Taking inspiration from Darwin, I outline a workflow for making advertisements battle it out - with only the best performer winning. We'll also look at statistical significance and the trap of mistaking proximate goals for business goals.

January 17, 2021

No notes available for this episode.

Transcribed by Rugo Obi

Over the course of my 10 or so years of doing online advertising, I've come up with a pretty simple system for optimizing adverts.

I was able to teach this to junior staff with no experience in online marketing, and it seemed to be workable.

The core idea is to create lots of variants of advertisements, and then pit them against one another in a survival of the fittest type contest.

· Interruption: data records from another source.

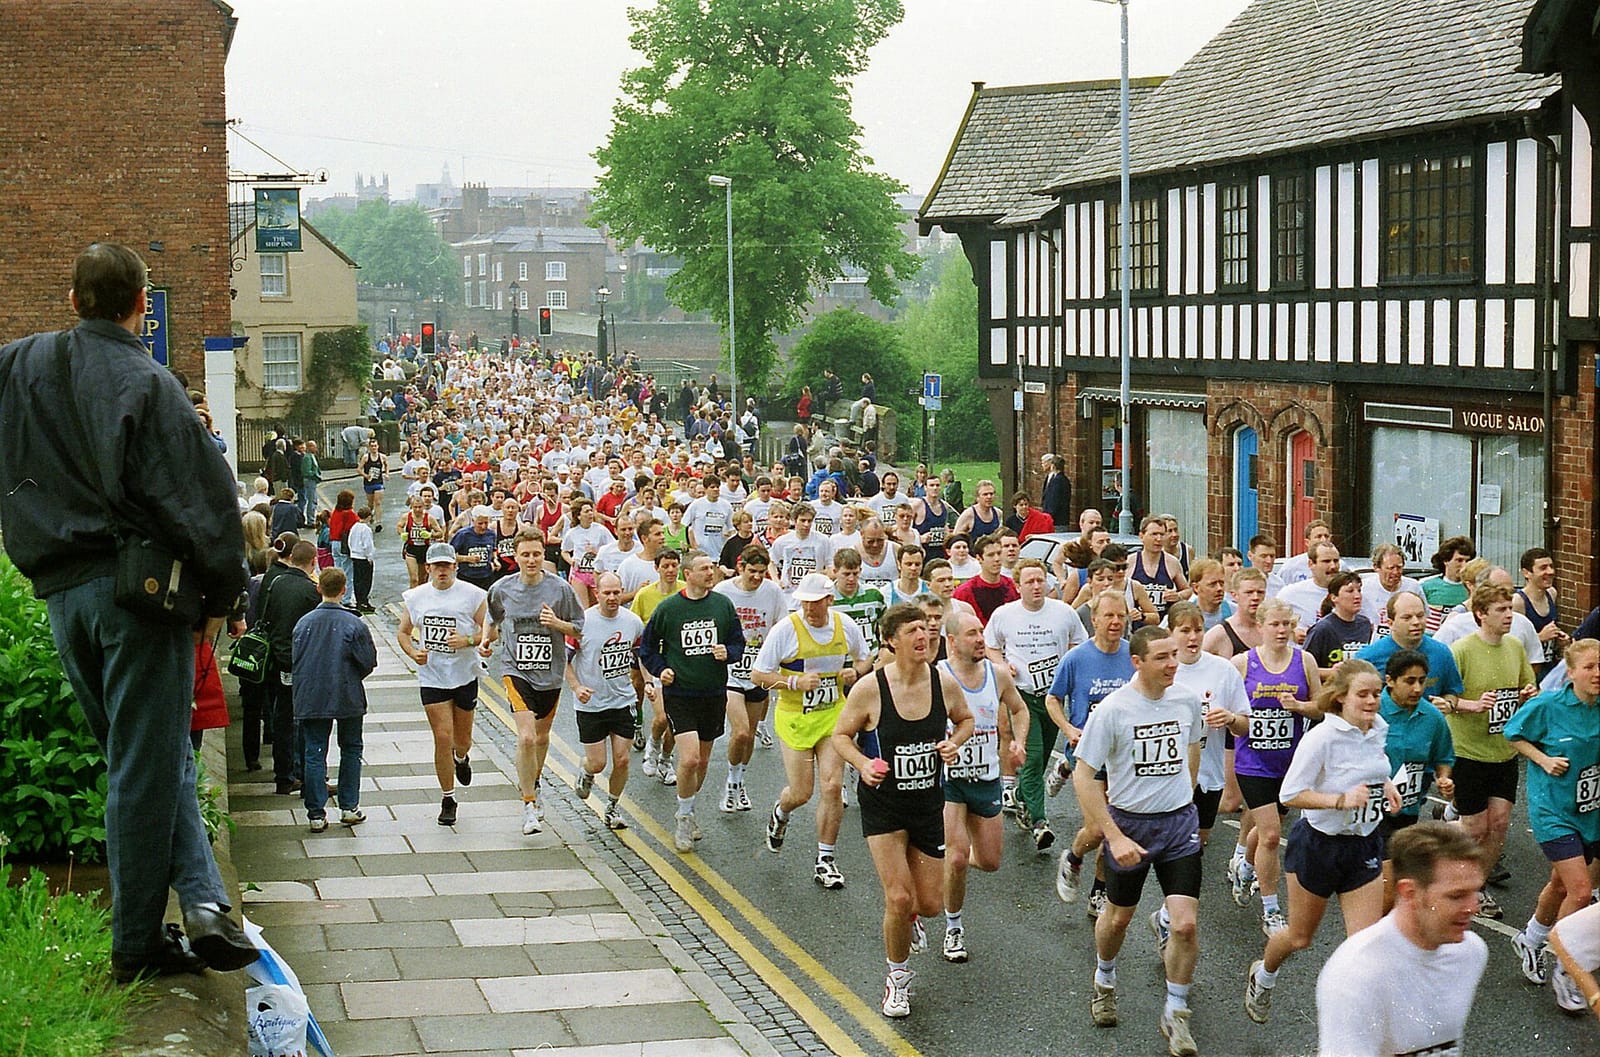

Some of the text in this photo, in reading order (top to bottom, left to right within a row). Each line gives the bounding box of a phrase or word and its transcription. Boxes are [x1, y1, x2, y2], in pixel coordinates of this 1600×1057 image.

[1462, 411, 1503, 429] VOGUE
[425, 617, 456, 626] adidas
[683, 619, 716, 630] adidas
[519, 634, 551, 644] adidas
[684, 629, 713, 646] 669
[519, 644, 551, 660] 1378
[602, 641, 630, 653] adidas
[518, 662, 550, 671] adidas
[604, 652, 630, 669] 1226
[1029, 657, 1060, 672] adidas
[603, 667, 629, 679] adidas
[804, 689, 834, 705] 921
[1251, 708, 1292, 719] adidas
[1136, 725, 1179, 738] adidas
[1252, 720, 1289, 737] 856
[895, 742, 937, 755] adidas
[1142, 738, 1178, 762] 178
[1251, 740, 1292, 750] adidas
[896, 752, 936, 777] 1040
[1137, 764, 1181, 777] adidas
[897, 778, 935, 791] adidas
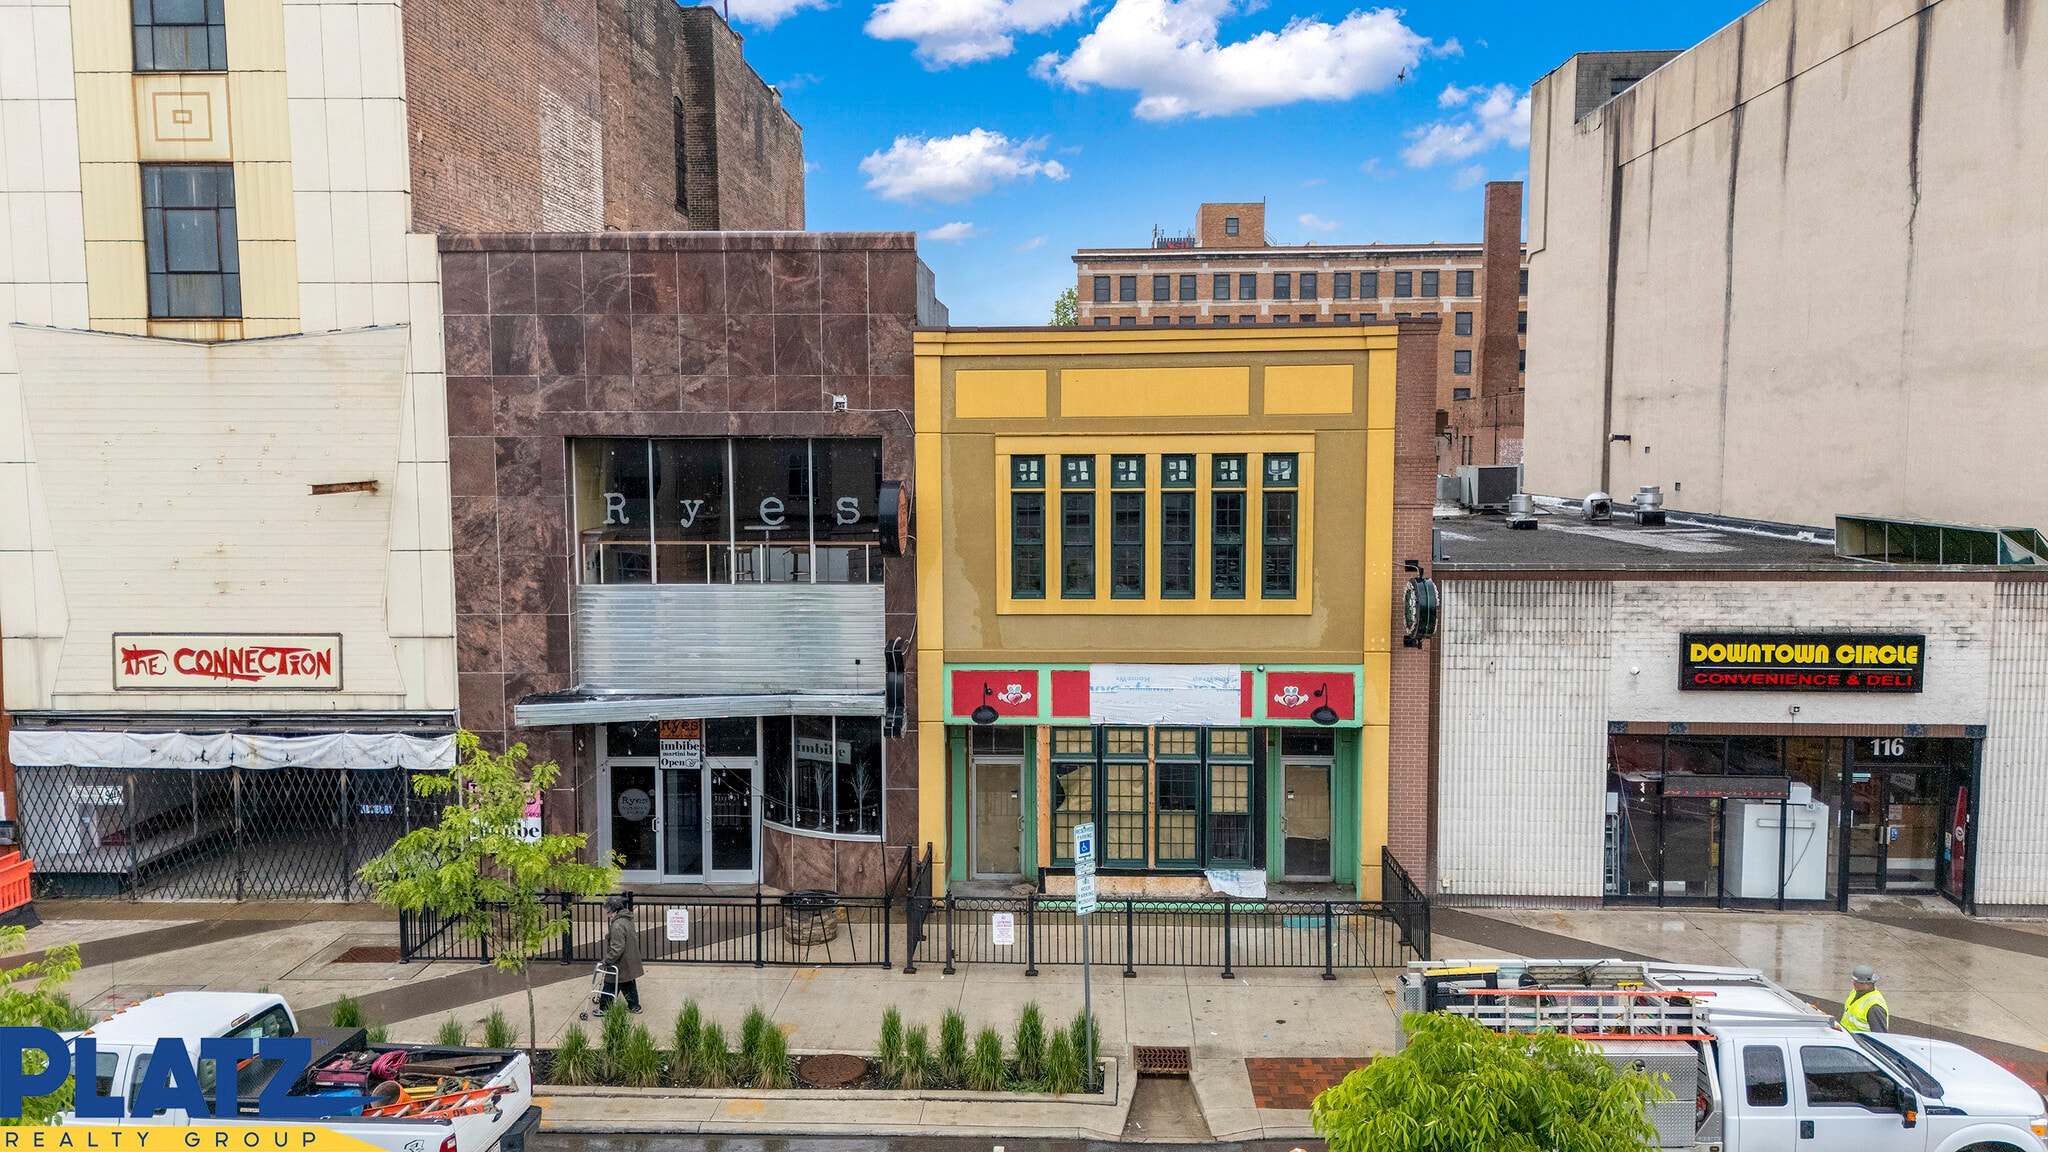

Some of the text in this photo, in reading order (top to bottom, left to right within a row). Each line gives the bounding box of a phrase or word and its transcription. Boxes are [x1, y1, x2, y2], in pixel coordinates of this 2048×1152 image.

[603, 492, 861, 528] Ryes
[1690, 644, 1918, 664] DOWNTOWN CIRCLE
[173, 646, 331, 681] CONNECTION
[1694, 673, 1912, 686] CONVENIENCE & DELI
[661, 720, 699, 734] Ryes
[661, 741, 700, 750] imbibe
[1870, 738, 1904, 756] 116
[661, 758, 685, 767] Open

And then added to that is proper conversion tracking, rather than tracking within the platform, as well as statistical validity tests.

I'll go into a lot more detail in the course of this episode.

As a precursor, before you start advertising anything, you should check whether or not the category of content you plan on advertising is even allowed on that platform.

There are many many restrictions these days in order to protect the user experience within each advertising platforms' platform, and you should be aware of that.

For example, adult content, gambling, drugs, politics, crypto, are all very often restricted.

You don't want to end up in a situation where you've created 100 different adverts for some particular area, only to find out that they get immediately banned, and you'd wasted all that effort.

Sometimes, despite your best intentions, one of your adverts might unintentionally trip one of these content warnings.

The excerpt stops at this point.